Cerenkov Luminescence Imaging in Prostate Cancer: Not the Only Light That Shines

Abstract

Cerenkov luminescence imaging (CLI) is a novel imaging technology that might have the ability to assess surgical margins intraoperatively during prostatectomy using ⁶⁸Ga-prostate-specific membrane antigen (⁶⁸Ga-PSMA-11). This study evaluated the accuracy of CLI compared with histopathology and, as an exploratory objective, investigated the characteristics of the identified chemiluminescence signal. Methods: After intravenous injection of a mean ⁶⁸Ga-PSMA-11 activity of 69 MBq intraoperatively, all excised specimens were imaged with CLI. Areas of increased signal were marked for histopathologic comparison and scored for the likelihood of being a positive surgical margin (PSM) using a 5-point Likert scale. In addition, the chemiluminescence signal was investigated in 3 radioactive and 3 nonradioactive specimens using CLI. Results: In 15 patients, the agreement between CLI and histopathology was 60%; this improved to 83% when including close surgical margins (≤1 mm).
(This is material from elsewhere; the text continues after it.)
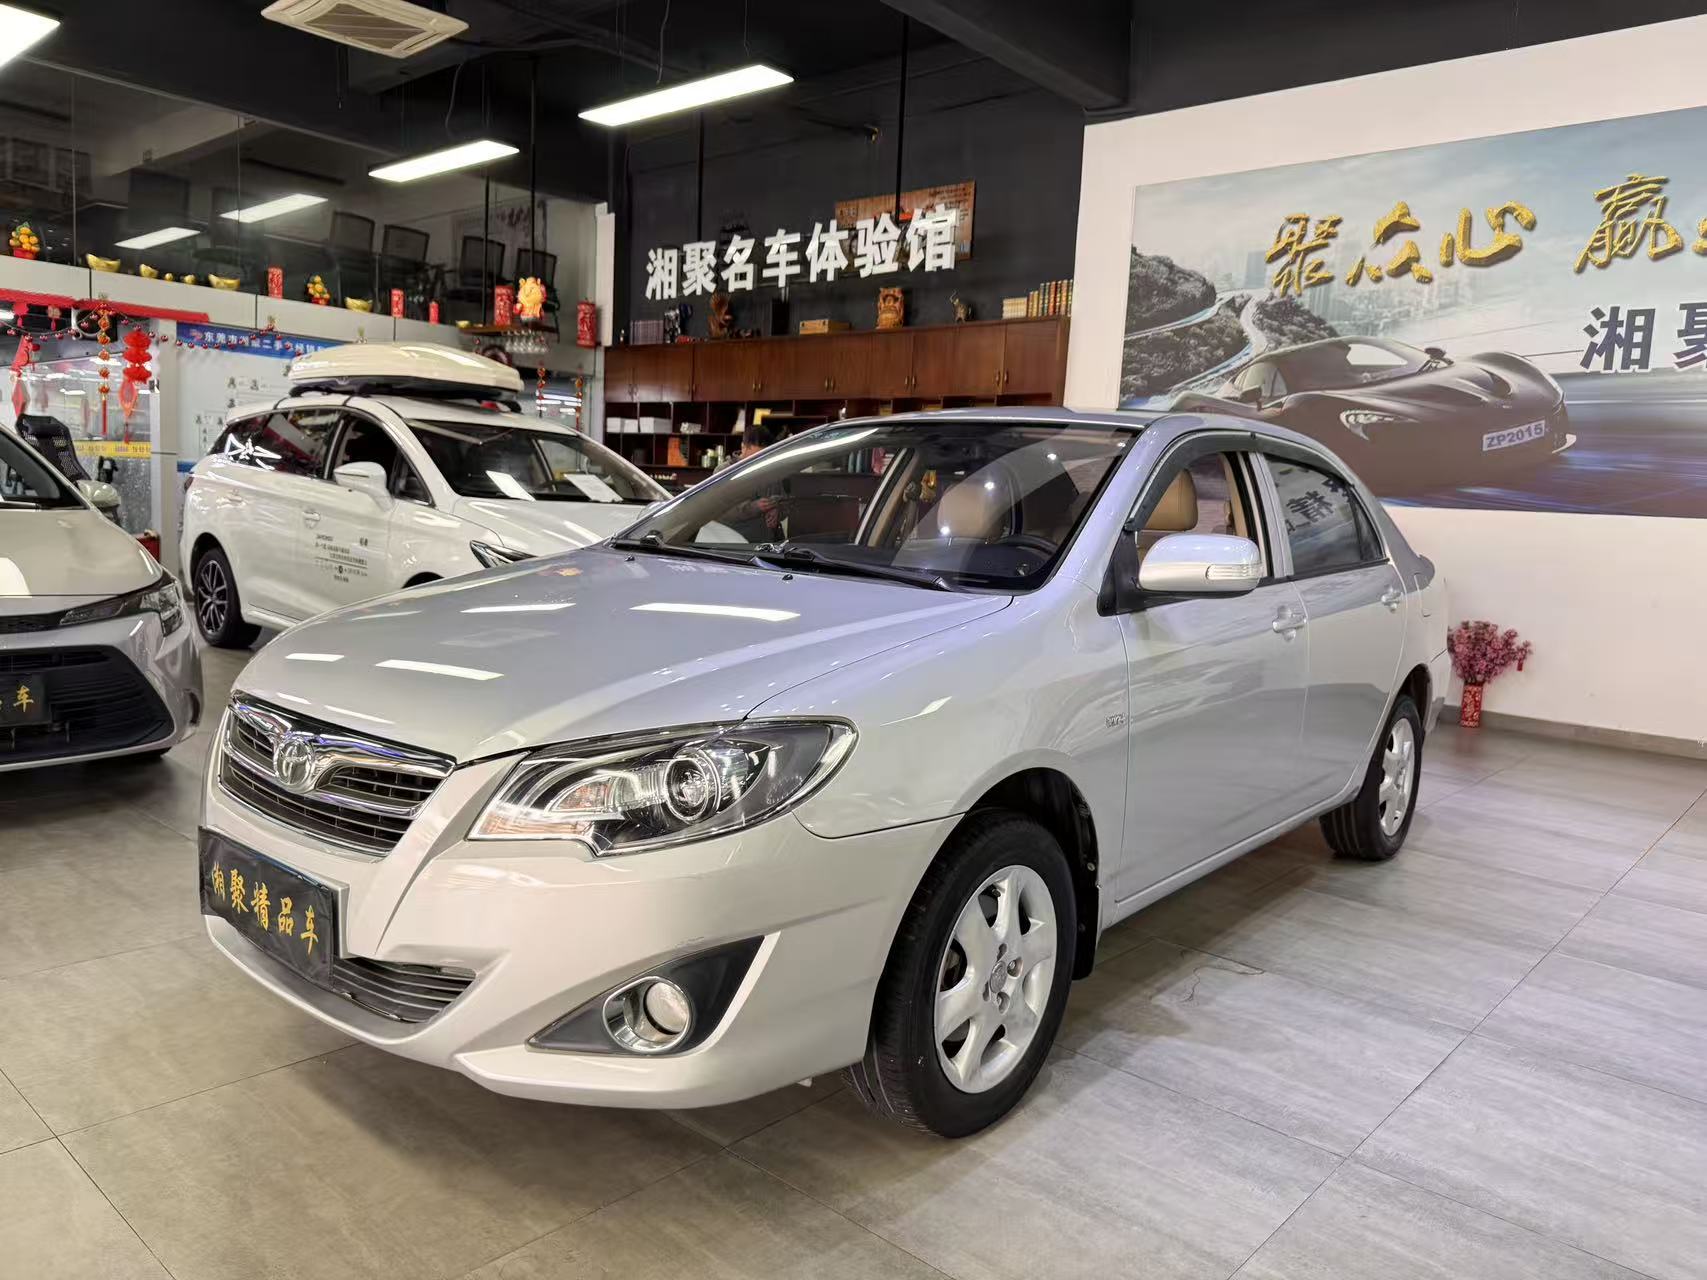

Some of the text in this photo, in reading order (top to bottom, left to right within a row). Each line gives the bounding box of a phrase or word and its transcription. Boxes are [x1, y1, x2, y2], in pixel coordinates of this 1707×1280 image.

[645, 204, 958, 301] 湘聚名车体验馆
[1573, 173, 1707, 273] 赢
[1487, 423, 1544, 448] ZP2015
[212, 861, 319, 956] 湘聚精品车
In 6 hot spots, CLI correctly identified PSMs on histopathology, located at the apex and mid prostate. In all 15 patients, an increased signal at the prostate base was observed, without the presence of the primary tumor in this area in 8 patients. This chemiluminescence signal was also observed in nonradioactive prostate specimens, with a half-life of 48 ± 11 min. The chemiluminescence hampered the visual interpretation of 4 PSMs at the base. Conclusion: CLI was able to correctly identify margin status, including close margins, in 83% of the cases. The presence of a diathermy-induced chemiluminescent signal hampered image interpretation, especially at the base of the prostate. In the current form, CLI is most applicable to detect PSMs and close margins in the apex and mid prostate.
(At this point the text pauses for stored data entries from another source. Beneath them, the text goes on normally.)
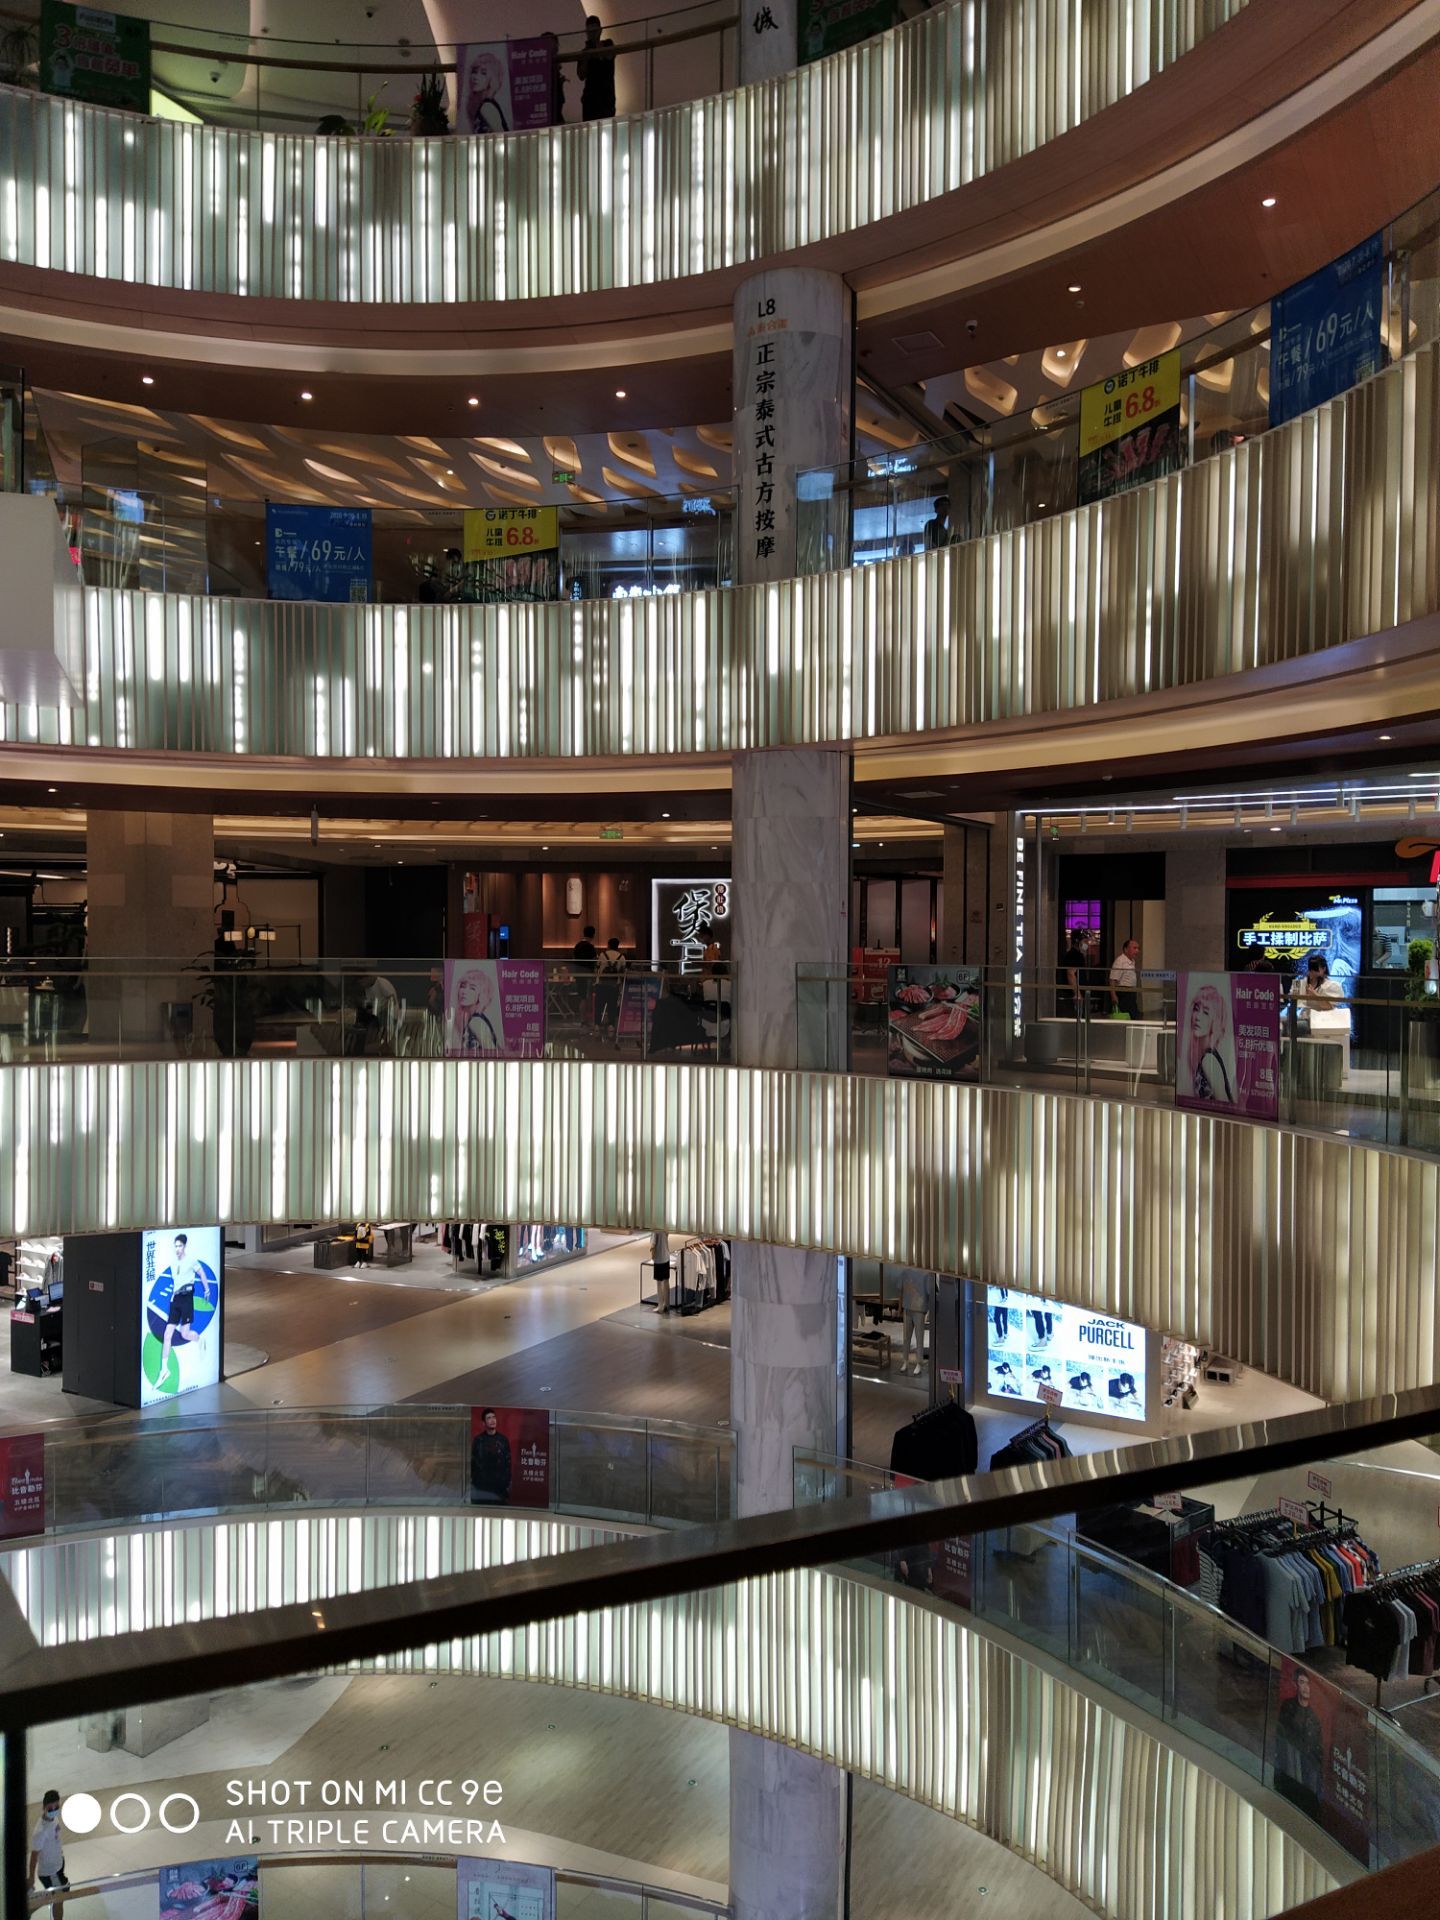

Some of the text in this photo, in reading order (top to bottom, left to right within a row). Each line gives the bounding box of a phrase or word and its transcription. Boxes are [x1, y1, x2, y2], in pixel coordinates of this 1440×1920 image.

[758, 299, 776, 317] L8
[1118, 360, 1160, 388] 诺丁牛排
[756, 343, 776, 559] 正宗泰式古方按摩
[1016, 922, 1024, 963] TEA
[1243, 932, 1327, 946] 手工揉制比萨
[501, 970, 539, 978] Hair Code
[1235, 988, 1275, 1000] Hair Code
[1087, 1319, 1126, 1329] JACK
[1079, 1325, 1135, 1349] PURCELL
Keywords: 68Ga-PSMA; Cerenkov luminescence imaging; intraoperative assessment; prostate cancer; surgical margins.

Graphical abstract

FIGURE 1.

Examples of PET/CT and CLI images from 4 patients: maximum-intensity projections (MIPs) of preoperative PSMA PET, transversal PET/CT images at height of primary tumor, and CLI images of excised prostate specimens without optical filter. Arrows locate hot-spot areas; green, PSM; blue, NSM; and pink, CSM with tumor ≤ 1 mm from margin, according to pathologist. Corresponding tumor–to–specimen edge distances on histopathology are noted below images.

FIGURE 2.

Agreement between CLI and histopathology in all patients divided into 3 regions of prostate. (A) Agreement between CLI hot spot (yes or no) and histopathology (PSM or NSM), excluding CSM. (B) Agreement including CSM (≤1 mm). (C) Agreement when adding LS to CLI hot spot. (D) Agreement with LS, including CSM. Overall agreement is noted below circles. Excl. = excluding; incl. = including.

FIGURE 3.

CLI images from prostate base in ⁶⁸Ga-PSMA-11 patients and bar chart showing SBR of CLI and chemiluminescence. (A and B) Unfiltered images of chemiluminescence at base. (D and E) Corresponding 550-nm short-pass filtered images. (C and F) Base of patient 8, who had multiple PSMs at base (arrows). These images show that visual distinction between chemiluminescence and actual PSMs is difficult. (G) Bar chart displaying SBR of chemiluminescence in nonradioactive specimens and that of PSM, NSM, and CSM in patient nonfiltered and filtered images. Average SBR is derived from all patient data, in which lesions on all sides of prostate were included. Note difference in scaling.

FIGURE 4.

Sequential imaging of nonradioactive prostate specimens to determine effect of time on intensity of chemiluminescence signal. Same scaling is used in all images. Graph displays half-life of chemiluminescence in 3 nonradioactive specimens on filtered and nonfiltered images and of ⁶⁸Ga.

FIGURE 5.

FAR images of ⁶⁸Ga-PSMA-11–containing prostate specimens and nonradioactive prostate specimens to investigate effect of FAR on tumor and chemiluminescent signal levels. FAR reduced chemiluminescence in both nonradioactive (60%) and radioactive specimen (70%) (top and bottom rows). FAR amplified signal originating from tumor (center row). Arrow shows contamination of scintillator. Same scaling is used for all images.